- _Work item_
Output each record exactly, excluding pictures.

- _Stored data entries_
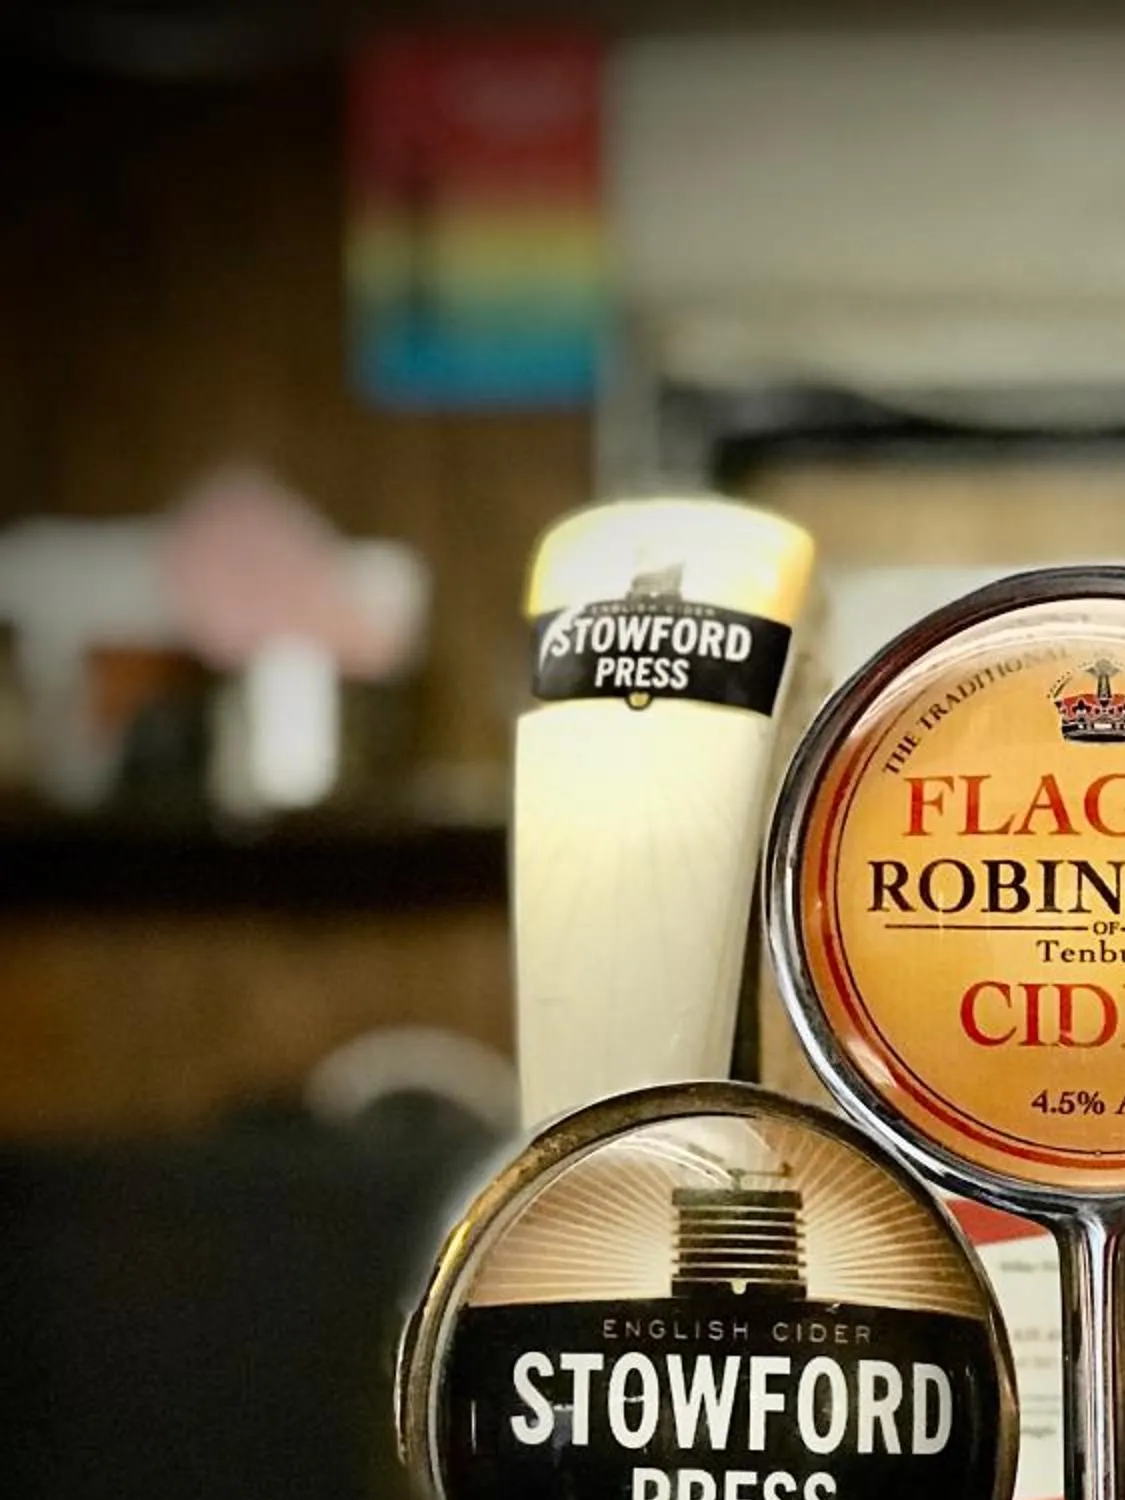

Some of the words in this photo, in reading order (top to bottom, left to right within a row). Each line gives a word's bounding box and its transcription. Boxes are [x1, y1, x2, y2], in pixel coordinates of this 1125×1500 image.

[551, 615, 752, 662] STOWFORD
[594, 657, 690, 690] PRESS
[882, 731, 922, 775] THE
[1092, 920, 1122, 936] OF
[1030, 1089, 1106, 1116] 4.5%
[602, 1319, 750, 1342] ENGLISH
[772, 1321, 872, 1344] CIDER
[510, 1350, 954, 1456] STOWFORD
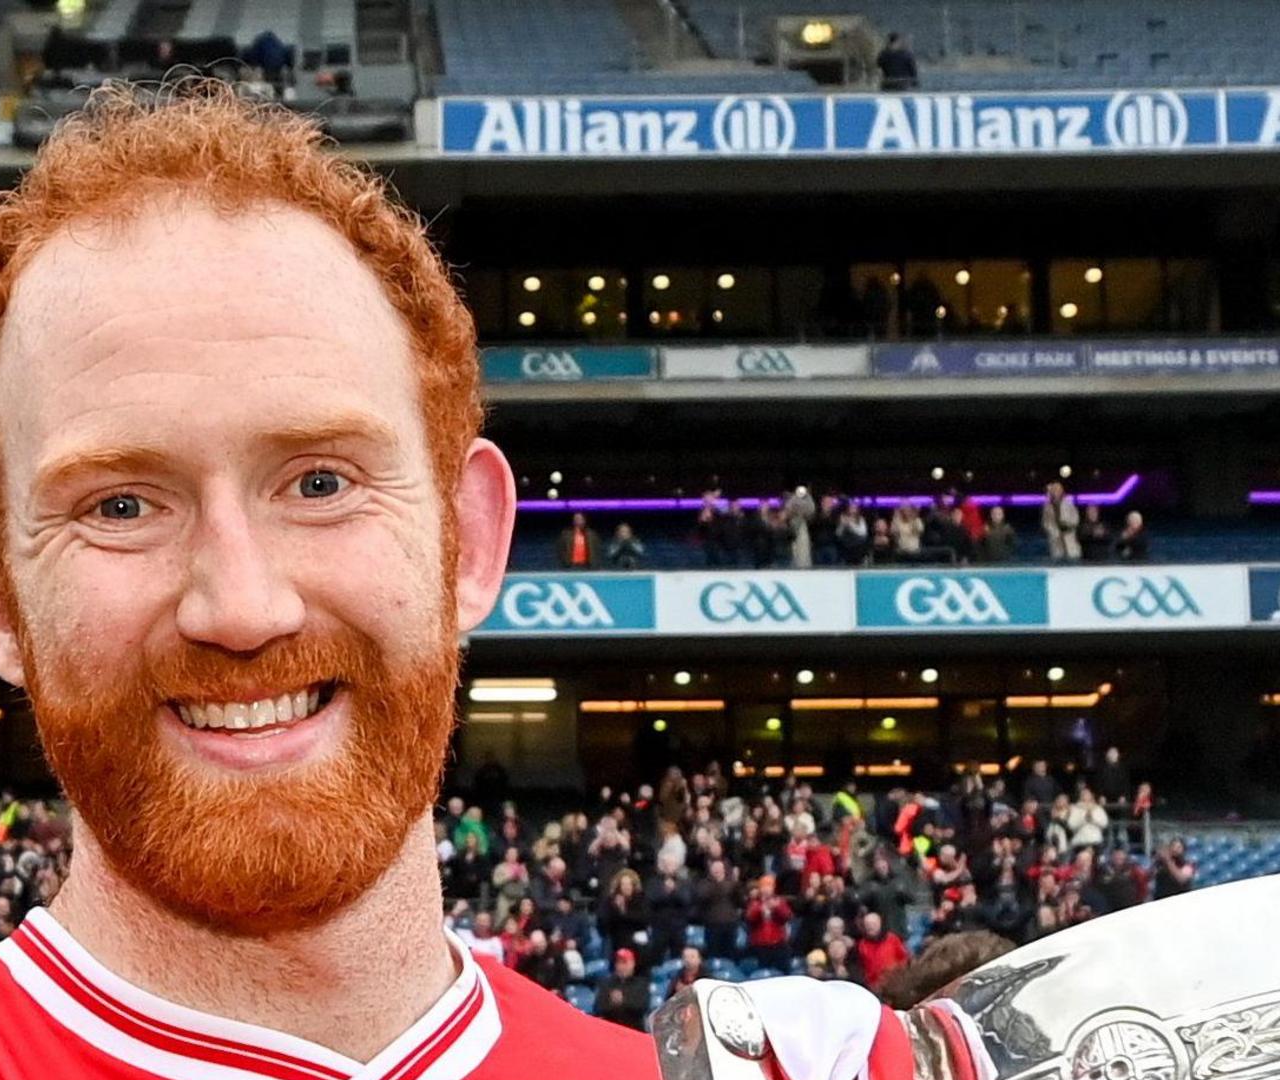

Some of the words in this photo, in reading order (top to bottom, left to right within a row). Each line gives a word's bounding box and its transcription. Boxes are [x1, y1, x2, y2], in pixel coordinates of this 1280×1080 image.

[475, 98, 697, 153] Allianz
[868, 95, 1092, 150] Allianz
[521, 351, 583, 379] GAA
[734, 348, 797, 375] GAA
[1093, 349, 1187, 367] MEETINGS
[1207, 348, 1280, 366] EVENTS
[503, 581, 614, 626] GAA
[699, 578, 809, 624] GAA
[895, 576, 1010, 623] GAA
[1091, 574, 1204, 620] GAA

- _Problem solution_
Some of the words in this photo, in reading order (top to bottom, left to right within a row). Each line gives a word's bounding box and its transcription. Boxes are [x1, y1, x2, y2], in pixel coordinates of this 1125×1500 image.

[551, 615, 752, 662] STOWFORD
[594, 657, 690, 690] PRESS
[882, 731, 922, 775] THE
[1092, 920, 1122, 936] OF
[1030, 1089, 1106, 1116] 4.5%
[602, 1319, 750, 1342] ENGLISH
[772, 1321, 872, 1344] CIDER
[510, 1350, 954, 1456] STOWFORD

Some of the words in this photo, in reading order (top to bottom, left to right within a row). Each line gives a word's bounding box and its transcription. Boxes are [x1, y1, x2, y2], in pixel coordinates of this 1280×1080 image.

[475, 98, 697, 153] Allianz
[868, 95, 1092, 150] Allianz
[521, 351, 583, 379] GAA
[734, 348, 797, 375] GAA
[1093, 349, 1187, 367] MEETINGS
[1207, 348, 1280, 366] EVENTS
[503, 581, 614, 626] GAA
[699, 578, 809, 624] GAA
[895, 576, 1010, 623] GAA
[1091, 574, 1204, 620] GAA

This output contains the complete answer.